For this exercise, copy the records below exactly and exclude every image.

Data excerpts:
+++
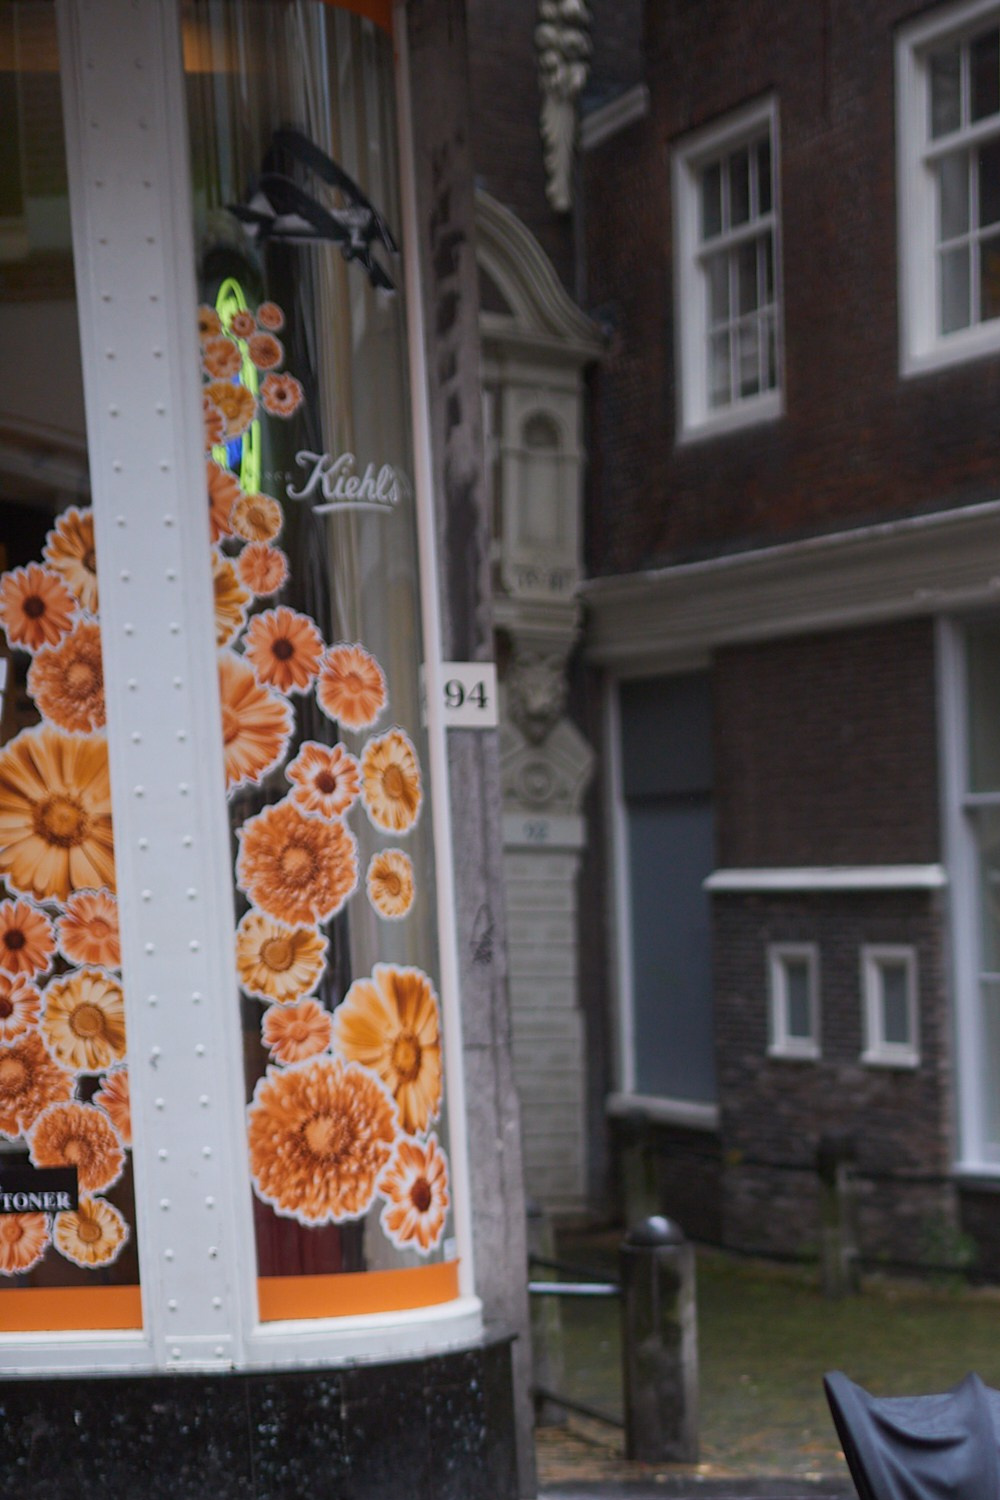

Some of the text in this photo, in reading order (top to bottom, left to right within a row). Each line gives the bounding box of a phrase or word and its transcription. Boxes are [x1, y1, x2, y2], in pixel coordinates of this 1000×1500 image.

[286, 451, 398, 502] Kiehl's
[444, 679, 488, 709] 94
[0, 1191, 71, 1212] TONER
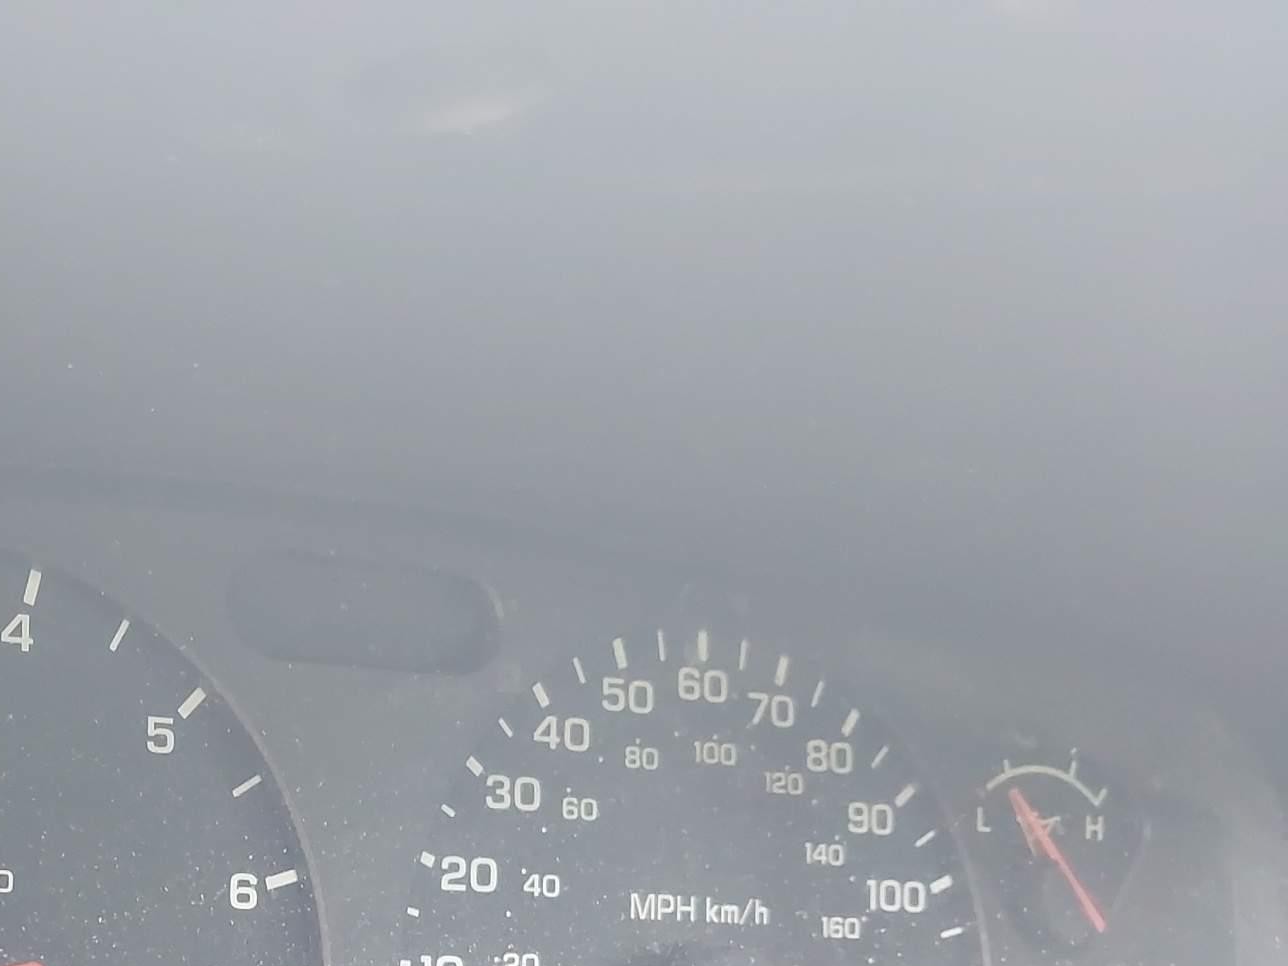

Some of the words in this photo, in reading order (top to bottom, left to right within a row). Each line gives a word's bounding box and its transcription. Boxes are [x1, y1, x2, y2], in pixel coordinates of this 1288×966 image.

[0, 613, 34, 652] 4
[601, 678, 655, 714] 50
[678, 667, 728, 703] 60
[747, 693, 795, 728] 70
[146, 716, 175, 755] 5
[533, 717, 590, 752] 40
[625, 747, 659, 770] 80
[694, 742, 736, 766] 100
[806, 739, 854, 774] 80
[486, 775, 541, 811] 30
[765, 772, 803, 796] 120
[562, 798, 598, 821] 60
[848, 802, 894, 836] 90
[977, 806, 991, 832] L
[1085, 816, 1104, 841] H
[805, 843, 844, 866] 140
[440, 856, 497, 892] 20
[523, 874, 560, 898] 40
[229, 873, 258, 909] 6
[867, 880, 925, 913] 100
[629, 894, 696, 921] MPH
[705, 896, 770, 927] km/h
[822, 917, 861, 940] 160
+++
Written answer:
Some of the text in this photo, in reading order (top to bottom, left to right within a row). Each line gives the bounding box of a phrase or word and its transcription. Boxes are [x1, y1, x2, y2], in pixel coordinates of this 1000×1500 image.

[286, 451, 398, 502] Kiehl's
[444, 679, 488, 709] 94
[0, 1191, 71, 1212] TONER

Some of the words in this photo, in reading order (top to bottom, left to right within a row). Each line gives a word's bounding box and its transcription. Boxes are [x1, y1, x2, y2], in pixel coordinates of this 1288×966 image.

[0, 613, 34, 652] 4
[601, 678, 655, 714] 50
[678, 667, 728, 703] 60
[747, 693, 795, 728] 70
[146, 716, 175, 755] 5
[533, 717, 590, 752] 40
[625, 747, 659, 770] 80
[694, 742, 736, 766] 100
[806, 739, 854, 774] 80
[486, 775, 541, 811] 30
[765, 772, 803, 796] 120
[562, 798, 598, 821] 60
[848, 802, 894, 836] 90
[977, 806, 991, 832] L
[1085, 816, 1104, 841] H
[805, 843, 844, 866] 140
[440, 856, 497, 892] 20
[523, 874, 560, 898] 40
[229, 873, 258, 909] 6
[867, 880, 925, 913] 100
[629, 894, 696, 921] MPH
[705, 896, 770, 927] km/h
[822, 917, 861, 940] 160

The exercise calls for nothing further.